Thanks for covering NASes at this show. Are any of the Atom NASes based on Silvermont? I've been looking forward to such since last September and I've been disappointed and puzzled by not finding any Silvermont consumer/SOHO NASes in the market. Or maybe they're out there and I missed them.
I'm pretty sure these are based on Intel Evansport platform (i.e. with Bonnell cores). As far as I know, Intel has not launched Silvermont based NAS chips yet, which is why e.g. QNAP has decided to dump Atom totally.
...and I'm sure these are hugely expensive. I really wish someone would offer a reasonably priced 8+ bay nas for the consumer market at around $400. You can't really make your own both as small and hotswappable.
Hear, hear!
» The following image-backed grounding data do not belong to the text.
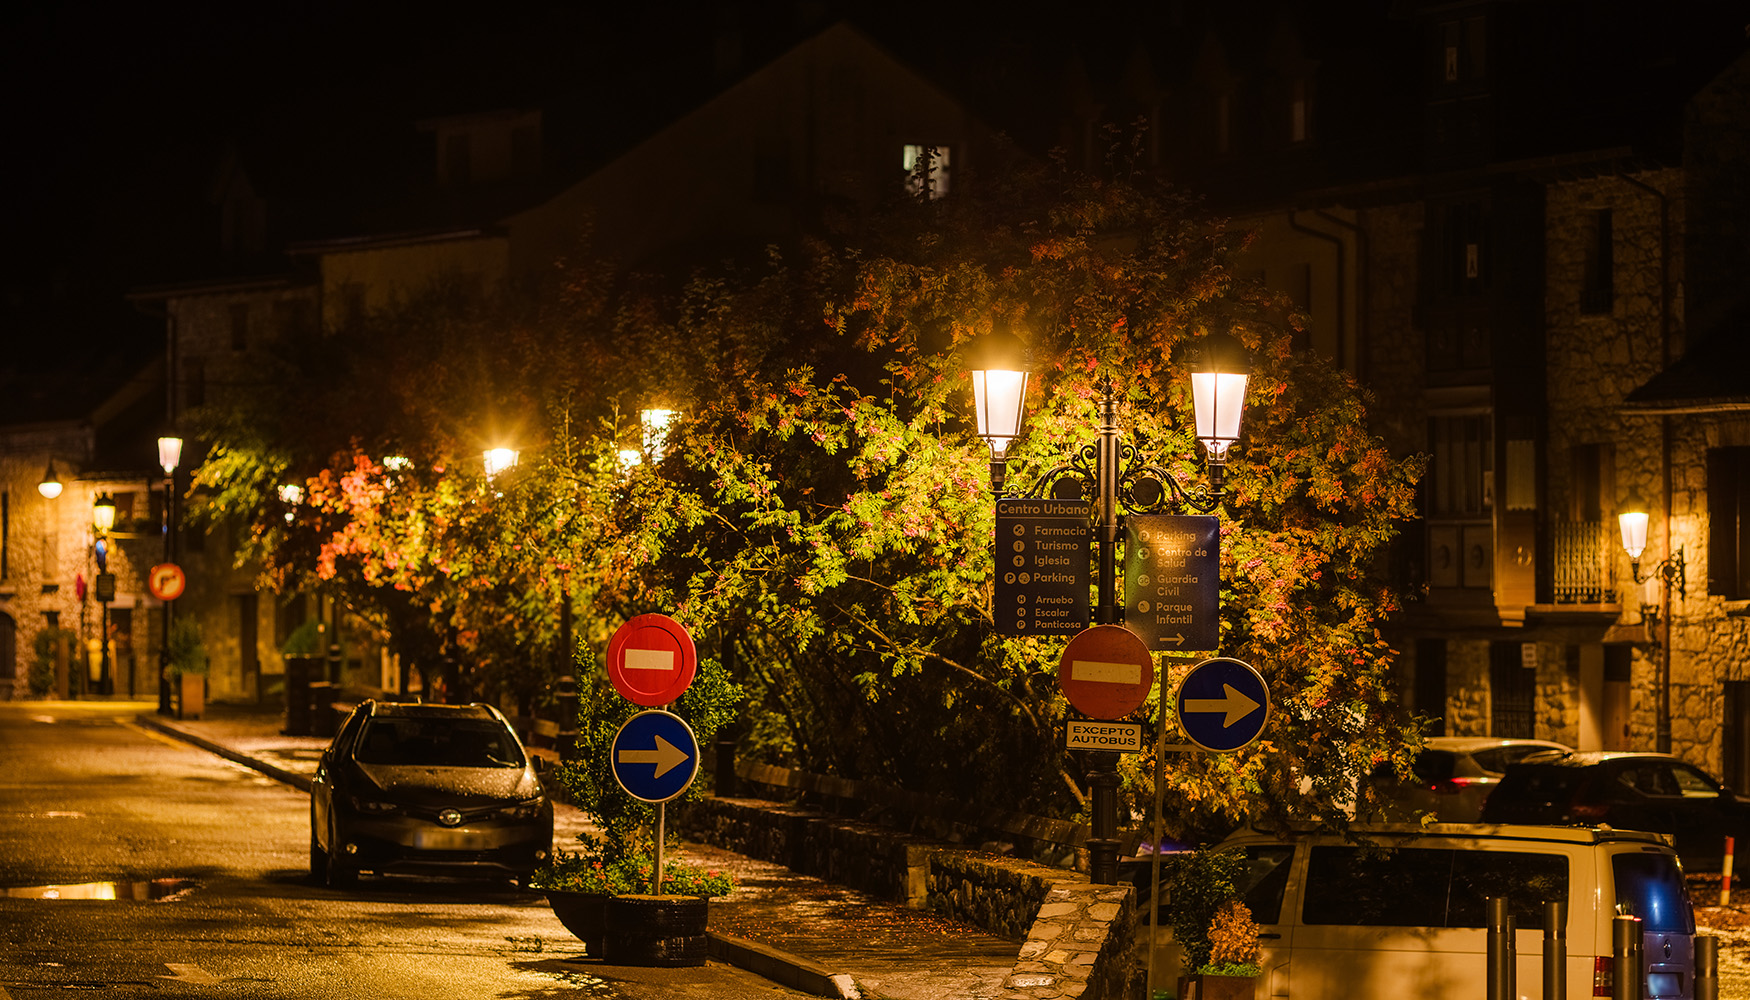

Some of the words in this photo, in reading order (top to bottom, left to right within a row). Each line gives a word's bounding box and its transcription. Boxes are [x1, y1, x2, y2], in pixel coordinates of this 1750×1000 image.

[999, 503, 1040, 514] Centro
[1044, 503, 1089, 515] Urbano
[1034, 525, 1087, 536] Farmacia
[1156, 531, 1196, 542] Parking
[1035, 540, 1079, 550] Turismo
[1157, 547, 1192, 557] Centro
[1194, 547, 1208, 557] de
[1034, 555, 1070, 567] Iglesia
[1157, 558, 1186, 568] Salud
[1033, 572, 1076, 585] Parking
[1157, 574, 1198, 584] Guardia
[1157, 587, 1180, 596] Civil
[1035, 595, 1074, 604] Arruebo
[1035, 608, 1070, 617] Escalar
[1156, 602, 1193, 613] Parque
[1156, 614, 1193, 624] Infantil
[1035, 620, 1081, 629] Panticosa
[1073, 726, 1136, 736] EXCEPTO
[1072, 735, 1136, 746] AUTOBUS
With some of these 8-12 bay NAS chassis, you can pay more than the sum total of the drives you're putting into them! I find that it's cheaper at times to just buy a used server (Dell/HP) with the amount of bays you need, and then re-purposing it as your own NAS for business use.
It is cheaper, but you've got to deal with a pretty damn big tower. Considering all the niches companies serve, why hasn't someone stepped into this one? It wouldn't be super high margin but do they need to make close to 100% markup?
400$ seems completely unreasonable. I am planning to build a "proper" NAS based on Silverstone DS380B and C2550D4L which were reviewed here a while ago. Without the disks I am already close to 800$ in parts. Put in 16TB of disks and you have another 700$ to add. Which is probably still cheaper than any of these solutions and it will blow them out the water with performance.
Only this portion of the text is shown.